You're going to get a gazillion answers to this question, but--
On 7/14/98 9:03 AM, Marco Mussini (email@example.com)
>in UNICODE many glyphs (for example for kanjis) which are present both
>in Japanese and in Chinese, are "shared", i.e., they are assigned the
>same codepoint in the Unicode allocation, in order not to have redundant
The usual term is "unified."
>THe question is, those glyphs that were defined as "shared" for that
>reason, are similar enough, in their actual expected onscreen
>representation in the two languages, so that a single universal Unicode
>font may display them identical, or do you have any special example of a
>kanji that has the same fundamental appearance in Chinese and Japanese,
>but to be really well-localized it needs to be drawn in a slightly
>different way in Japanese than in Chinese, so a single font will never
>be enough, and we'll need a "universal Unicode font with the shared
>kanjis specialized with Japanese calligraphy" as well as a "universal
>Unicode font with the shared kanjis specialized with Chinese
BTW, I tend to find it interesting to hear East Asian ideographs referred
to as "kanji," since that's a Japanese word. But I digress.
First of all, it is utterly FALSE that there is a language-based
difference in "Japanese" and "Chinese" shapes for ideographs. (Sorry,
but this is a pet peeve of mine.) The difference is between Japanese
typography, mainland Chinese typography, and traditional Chinese
typography (e.g., Taiwan). There are lots of characters which will be
drawn one way in the PRC and another way on Taiwan, even though both are
The protoypical example is the "bone" radical, U+9AA8, which is drawn one
way in Japan/Taiwan and another way in the PRC.
Other examples may be found by perusing the on-line Unihan databse,
>In this case, to correctly *display* a Unicode string, it
>is still necessary to have locale information.
This is true.
>This is bad, what Unicode
>seems good for is to at least display the mixed-character-set text with
>a single font with 65,536 glyphs, rather than having to install several
>fonts and switching them on the fly.
Unicode isn't intended to provide full, ideal, typographic support in and
of itself. It's intended for "plain text." For plain text purposes,
most Japanese readers will simply use a Japanese font even for Chinese
text and be perfectly happy.
Moreover, "minimal legibility" is still possible without changing fonts
-- a Japanese reader will recognize and understand the characters written
in the "wrong" non-Japanese way.
Similarly, a font designed for German will look somewhat different from a
font designed for English. Nobody's going to insist, however, on
separating u-umlaut into a German and an English clone to support that in
>By the way, I don't think that the kanjis that are clearly "shareable"
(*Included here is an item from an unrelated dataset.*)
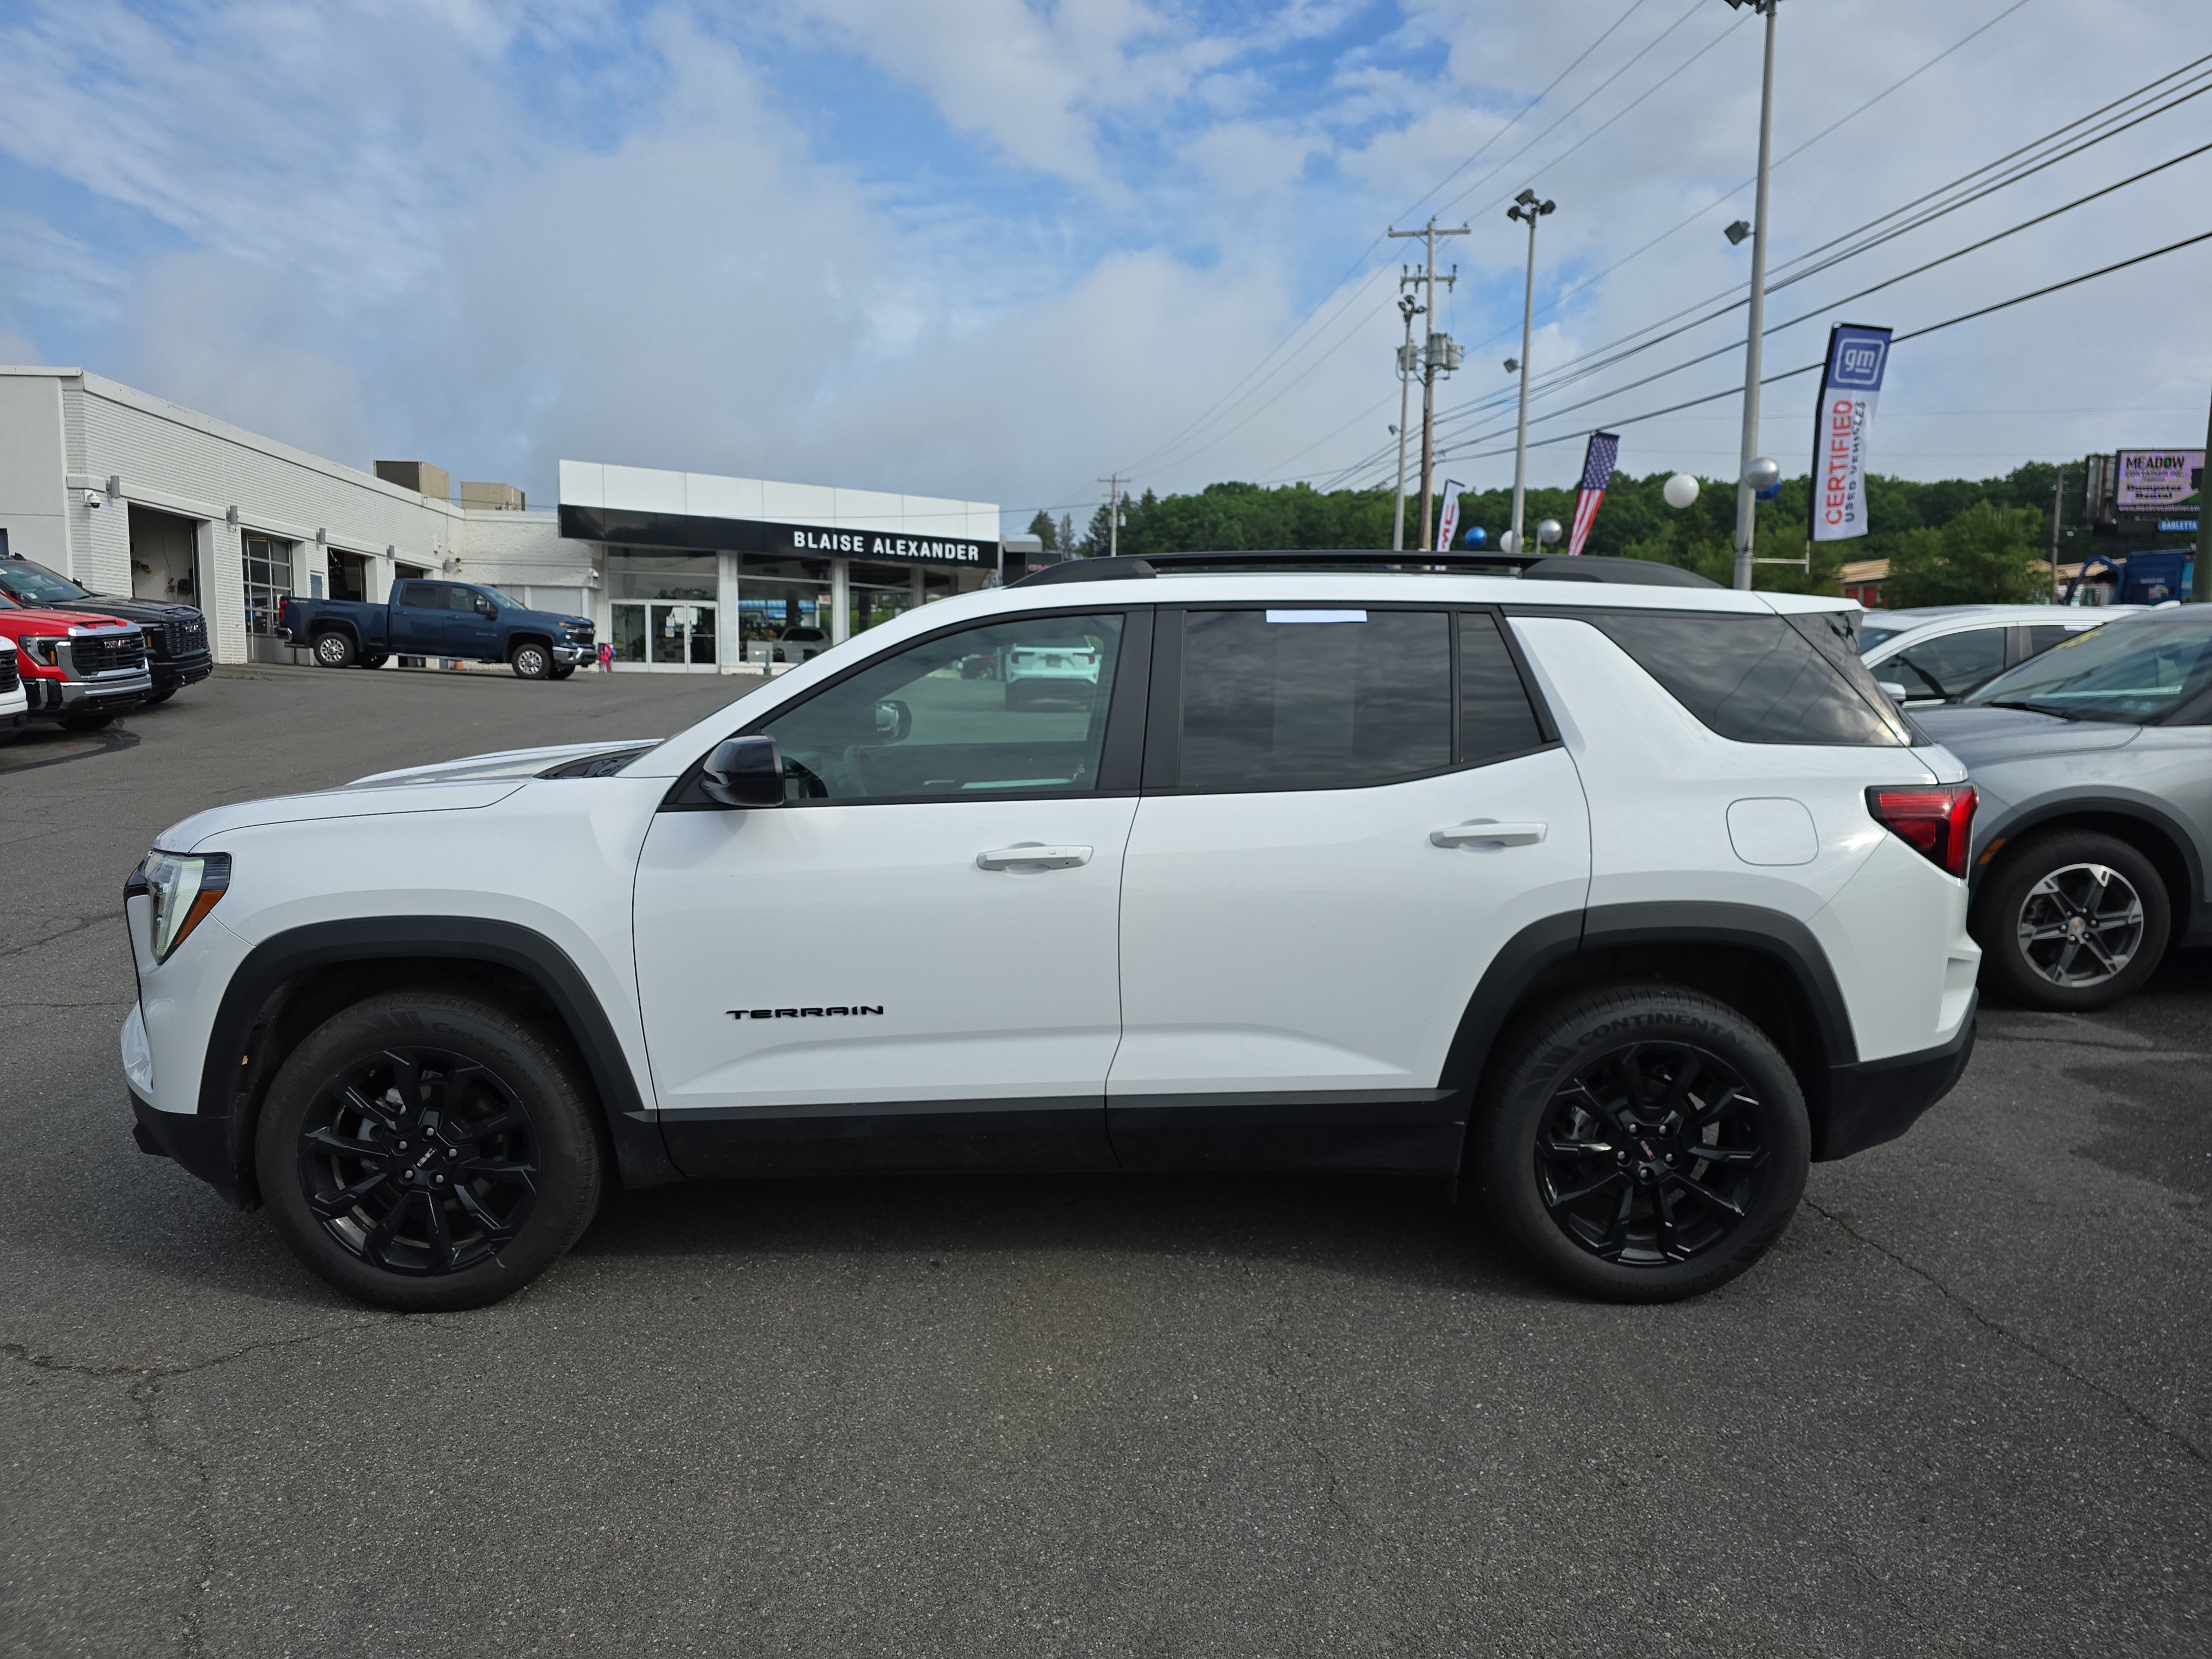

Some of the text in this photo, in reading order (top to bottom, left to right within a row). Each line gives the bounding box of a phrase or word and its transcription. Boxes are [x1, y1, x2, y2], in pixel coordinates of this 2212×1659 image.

>between Chinese and Japanese do really have a vastly different drawing.
Japanese and Chinese think so. (Britons and Americans tend to find one
another's spellings of their common language bizarre, too.)
>However if you have an example of a kanji "shared" and with different
>appearance in the two languages, please describe it. I am a student of
>Japanese language and I can understand at least the japanese half of the
>example. But please, write it down in romaji!
>Also, does this sharing scenario happen also with Korean and other pairs
>of languages or is it only for Chinese and Japanese?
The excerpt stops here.